Frankly not convinced it was a solid ethical choice to make the baddies visibly grotesque.
I kept waiting for the book to recognize that even bad guys have stories, emotions, and individuality, and it never really does. But it also never fully commits to the idea that the Collective genetically altered such things right out of their systems, either. There’s a young Collective member, Voxy, who loves Petra’s cuentos, but we never learn why he is unlike the other members of the Collective or, alternatively, that he is NOT unlike the other members of the Collective, and that Petra’s understandable horror at waking in a future without her parents or brother has blinded her to the fact that these weird-looking people are still, well, people, and as such have emotions etc.

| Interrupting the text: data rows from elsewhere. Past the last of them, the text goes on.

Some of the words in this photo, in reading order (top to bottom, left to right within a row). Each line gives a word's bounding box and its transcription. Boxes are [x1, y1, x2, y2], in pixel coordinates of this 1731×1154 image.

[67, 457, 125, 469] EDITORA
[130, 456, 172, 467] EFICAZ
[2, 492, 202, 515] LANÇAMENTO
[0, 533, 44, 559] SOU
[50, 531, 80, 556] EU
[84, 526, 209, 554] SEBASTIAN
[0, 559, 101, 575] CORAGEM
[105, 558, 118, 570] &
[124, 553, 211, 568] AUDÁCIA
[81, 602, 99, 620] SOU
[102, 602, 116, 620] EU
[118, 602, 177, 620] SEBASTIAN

The book also has the incredibly annoying habit of throwing in whole sentences in Spanish, unitalicized, which it only occasionally bothers to translate. I found this incredibly jarring, and I can read Spanish. I can’t imagine how aggravating this would be to a monolingual reader.

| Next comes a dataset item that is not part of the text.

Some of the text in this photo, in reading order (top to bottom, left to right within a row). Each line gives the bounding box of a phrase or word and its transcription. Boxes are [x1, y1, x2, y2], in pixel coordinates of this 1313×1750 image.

Also the book’s ending is straight out of The Giver. In fact, from a certain angle the book is a riff on The Giver (Protagonist Rebels Against Conformist Dystopia through the Power of Memory and Stories), only The Giver has the priceless advantage of portraying baddies who are recognizably human in a society that seems like it might actually function.
no subject
Date: 2022-05-02 12:13 pm (UTC)Nonitalicized whole sentences in a second language is a choice with an ideology behind it: it's intended to decenter the dominant monolingual, English-speaking audience and give them a taste of the struggle that people for whom English is a second language feel reading monolingual English books and also to establish the fact of other languages as equal to English and not requiring special orthographic (e.g., italics) treatment. Whether this is a good approach or an effective one is a whole other question, but that's the thinking (at least as I understand it) behind it.
no subject
Date: 2022-05-02 01:50 pm (UTC)The choice not to italicize seems like a wonderful example of someone coming up with an idea that sounds good in theory (no italicizing means that all languages feel equal! Yeah!) but works completely differently in practice. It's like reading one of those early twentieth century books where the author just tosses in a Greek epigraph, in the original Greek, without providing a translation (and it's probably thematically important so you do need to know what it means!), in the comfortable assurance that the entire audience has a classical education and if you don't then what are you even doing here?
no subject
Date: 2022-06-21 08:36 pm (UTC)I am still fairly confident that Camazotz is the conformist horror of the American suburbs, not of Communism.
no subject
Date: 2022-06-21 09:17 pm (UTC)no subject
Date: 2022-06-21 09:23 pm (UTC)Camazotz has non-conformity even in L'Engle. It's just that if you bounce your ball to your own rhythm, you are next seen being impersonally tortured until you learn better.
(I'm not saying this novel wasn't annoying, I just see the Camazotz/Communism analogy a lot and I think it would hold more water if the planet didn't look like a white-bread American suburb all over.)